Assignment> Below is a set of records, and all of them should be retyped exactly, minus the pictures.

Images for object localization
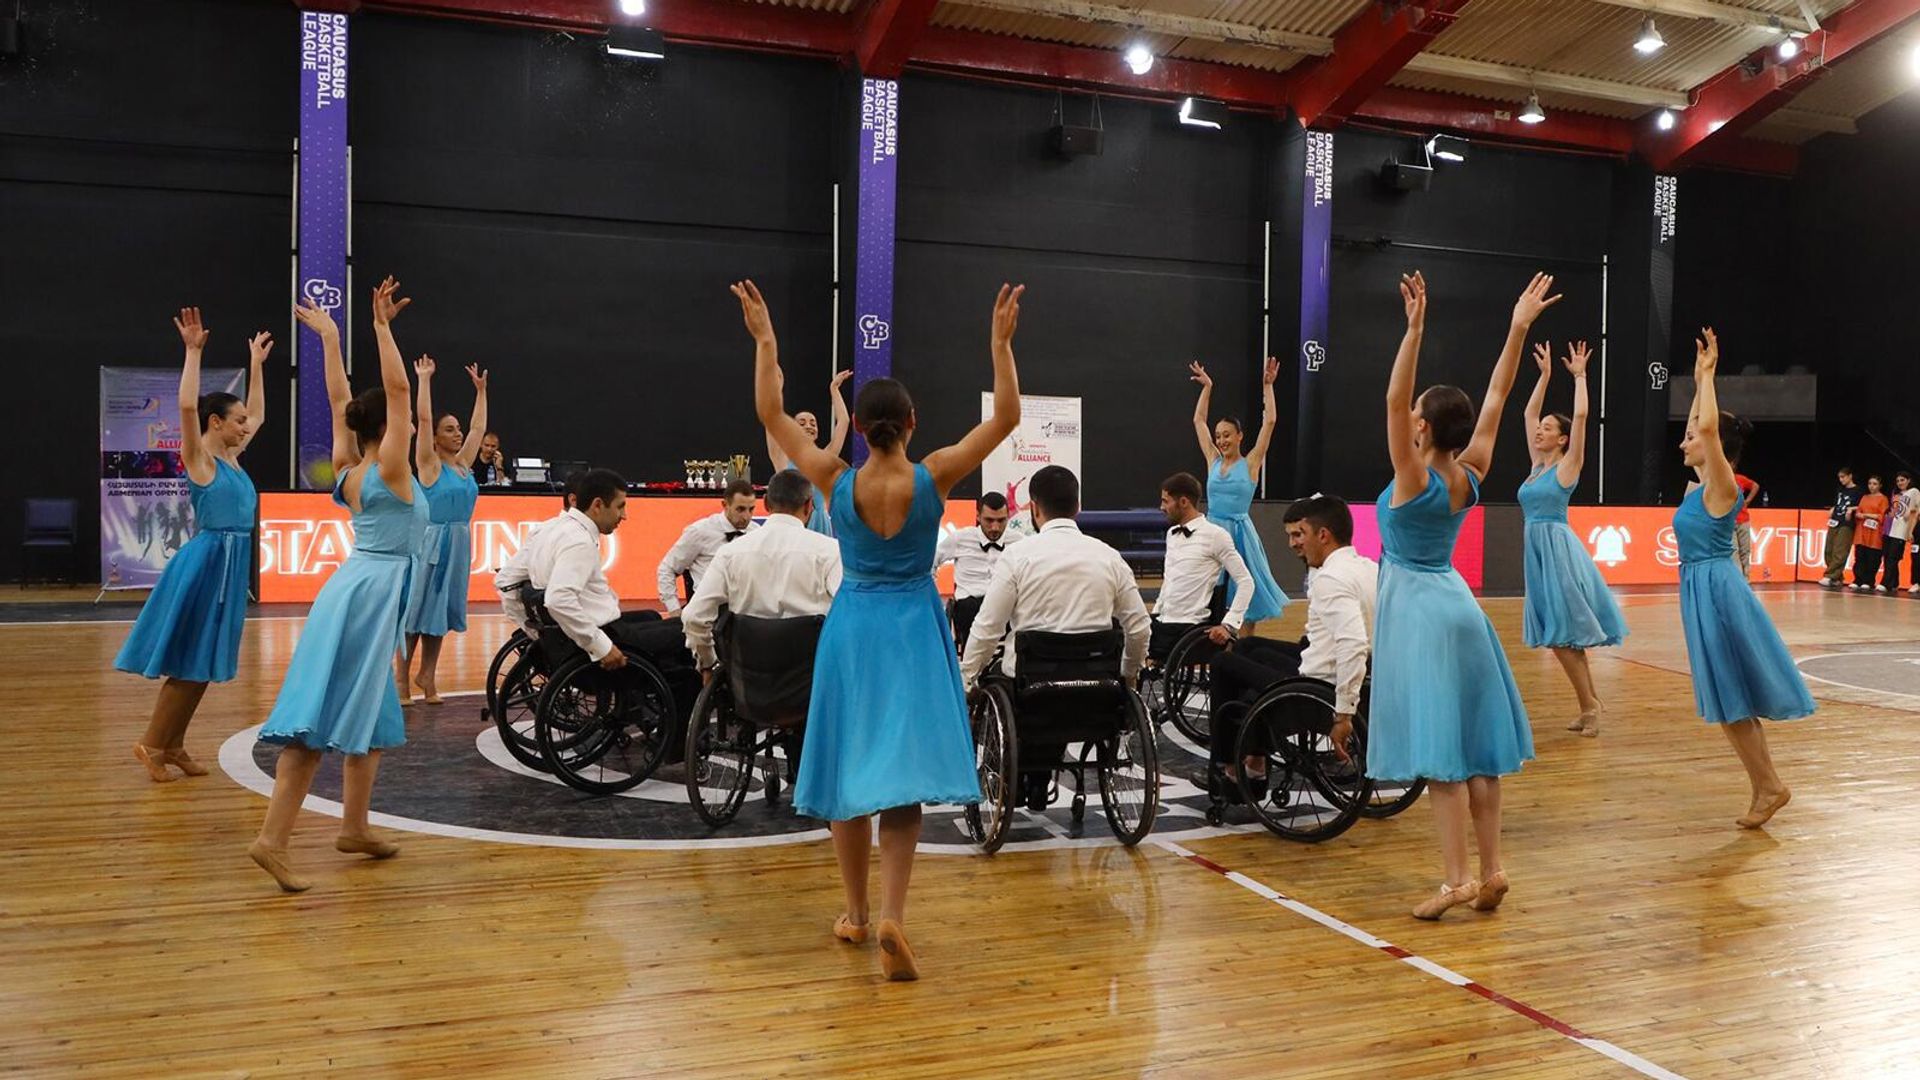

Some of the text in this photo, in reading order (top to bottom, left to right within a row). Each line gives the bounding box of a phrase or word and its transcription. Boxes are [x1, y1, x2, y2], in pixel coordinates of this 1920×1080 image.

[303, 11, 317, 70] LEAGUE
[317, 13, 331, 109] BASKETBALL
[332, 14, 346, 99] CAUCASUS
[862, 78, 874, 130] LEAGUE
[873, 79, 886, 164] BASKETBALL
[885, 80, 897, 155] CAUCASUS
[1305, 130, 1315, 177] LEAGUE
[1314, 131, 1325, 207] BASKETBALL
[1324, 132, 1333, 199] CAUCASUS
[1654, 175, 1662, 216] LEAGUE
[1660, 175, 1670, 243] BASKETBALL
[1668, 176, 1677, 236] CAUCASUS
[304, 278, 341, 314] CB
[859, 314, 889, 349] CBL
[1303, 340, 1325, 371] CBL
[1648, 361, 1668, 390] CBL
[1017, 454, 1051, 463] ALLIANCE
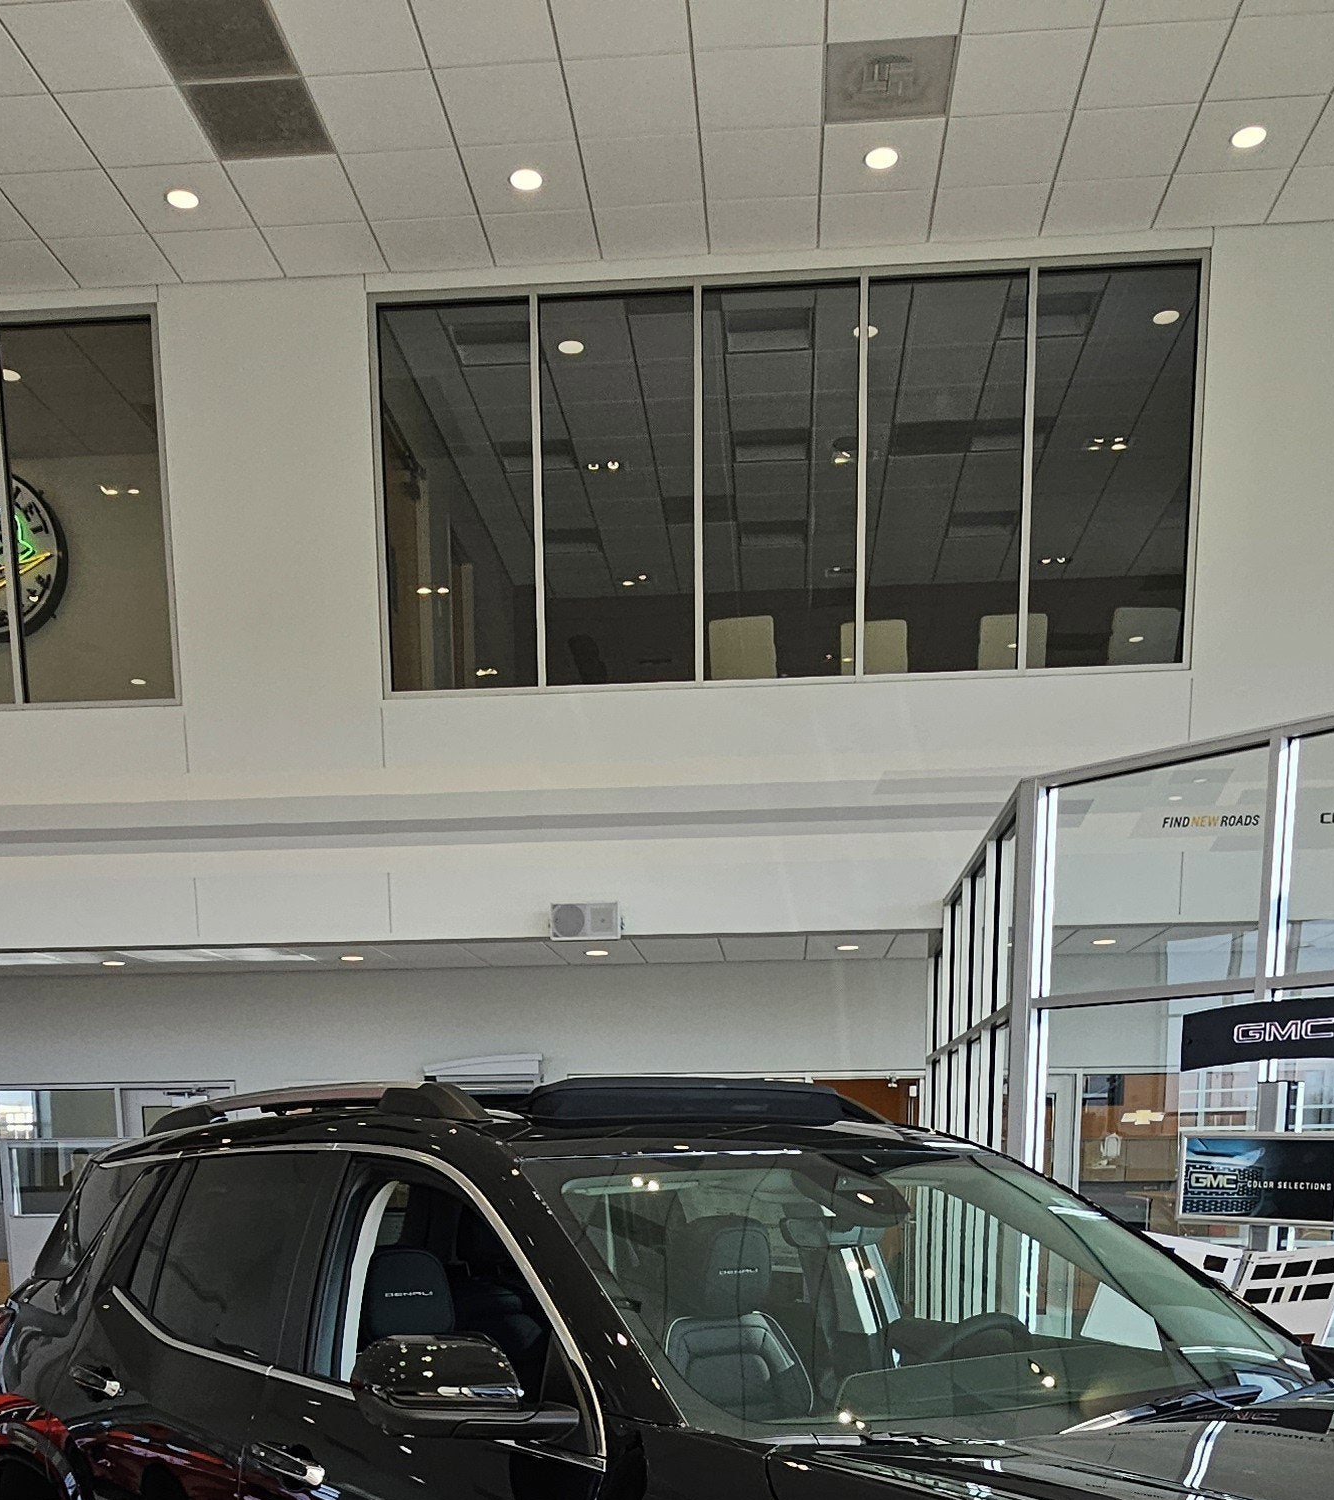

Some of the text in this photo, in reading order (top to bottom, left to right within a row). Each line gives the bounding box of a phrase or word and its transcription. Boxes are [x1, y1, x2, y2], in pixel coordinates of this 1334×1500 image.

[1161, 813, 1261, 829] FIND NEW ROADS
[1190, 1172, 1237, 1189] GMC
[1246, 1180, 1332, 1191] COLOR SELECTIONS
[384, 1290, 434, 1298] DENALI
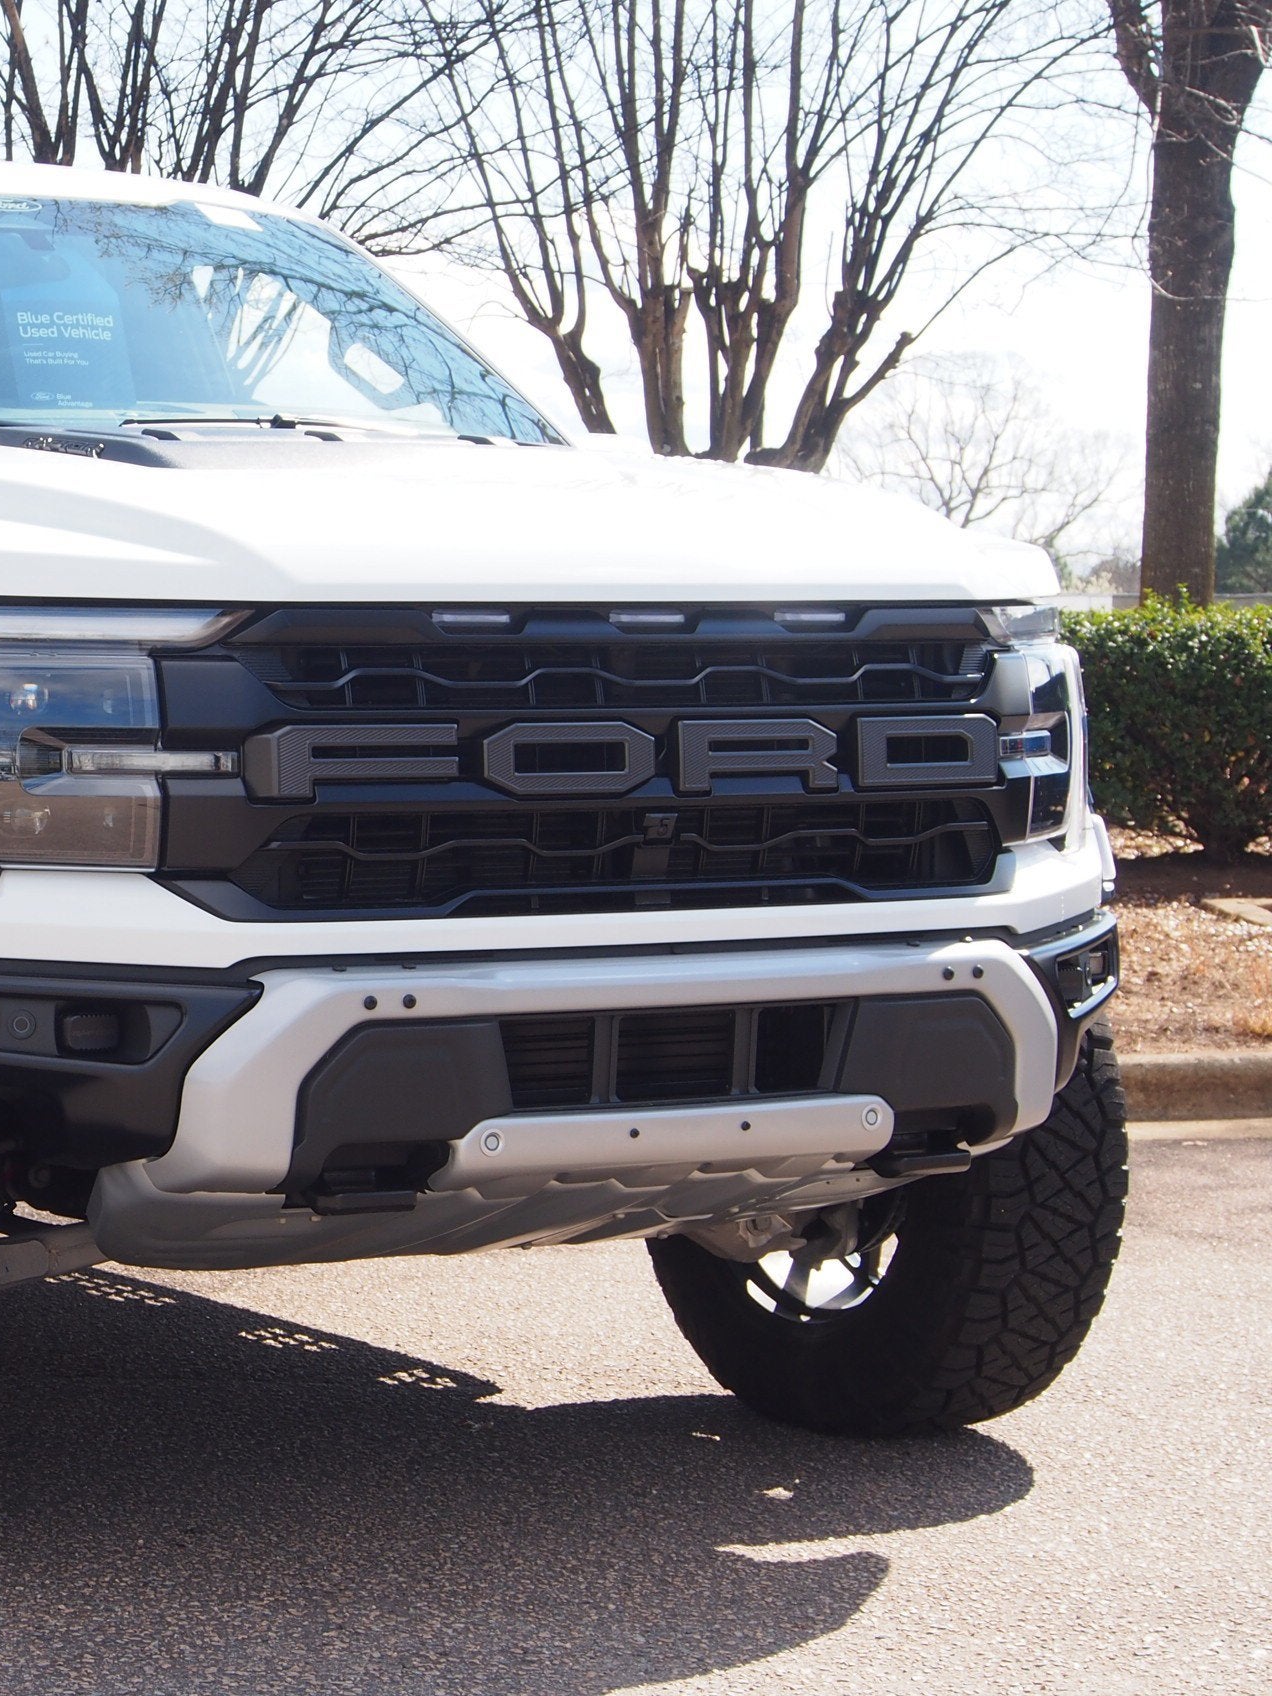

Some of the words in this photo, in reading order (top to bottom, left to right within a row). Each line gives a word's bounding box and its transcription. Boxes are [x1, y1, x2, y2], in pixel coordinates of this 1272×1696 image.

[16, 311, 50, 324] Blue
[53, 312, 114, 327] Certified
[19, 325, 58, 338] Used
[61, 326, 112, 341] Vehicle
[23, 350, 42, 358] Used
[55, 351, 79, 359] Buying
[64, 358, 75, 366] For
[57, 400, 94, 408] Advantage
[245, 713, 998, 799] FORD

Exercise solution>
Some of the text in this photo, in reading order (top to bottom, left to right within a row). Each line gives the bounding box of a phrase or word and its transcription. Boxes are [x1, y1, x2, y2], in pixel coordinates of this 1920×1080 image.

[303, 11, 317, 70] LEAGUE
[317, 13, 331, 109] BASKETBALL
[332, 14, 346, 99] CAUCASUS
[862, 78, 874, 130] LEAGUE
[873, 79, 886, 164] BASKETBALL
[885, 80, 897, 155] CAUCASUS
[1305, 130, 1315, 177] LEAGUE
[1314, 131, 1325, 207] BASKETBALL
[1324, 132, 1333, 199] CAUCASUS
[1654, 175, 1662, 216] LEAGUE
[1660, 175, 1670, 243] BASKETBALL
[1668, 176, 1677, 236] CAUCASUS
[304, 278, 341, 314] CB
[859, 314, 889, 349] CBL
[1303, 340, 1325, 371] CBL
[1648, 361, 1668, 390] CBL
[1017, 454, 1051, 463] ALLIANCE

Some of the text in this photo, in reading order (top to bottom, left to right within a row). Each line gives the bounding box of a phrase or word and its transcription. Boxes are [x1, y1, x2, y2], in pixel coordinates of this 1334×1500 image.

[1161, 813, 1261, 829] FIND NEW ROADS
[1190, 1172, 1237, 1189] GMC
[1246, 1180, 1332, 1191] COLOR SELECTIONS
[384, 1290, 434, 1298] DENALI

Some of the words in this photo, in reading order (top to bottom, left to right within a row). Each line gives a word's bounding box and its transcription. Boxes are [x1, y1, x2, y2], in pixel coordinates of this 1272×1696 image.

[16, 311, 50, 324] Blue
[53, 312, 114, 327] Certified
[19, 325, 58, 338] Used
[61, 326, 112, 341] Vehicle
[23, 350, 42, 358] Used
[55, 351, 79, 359] Buying
[64, 358, 75, 366] For
[57, 400, 94, 408] Advantage
[245, 713, 998, 799] FORD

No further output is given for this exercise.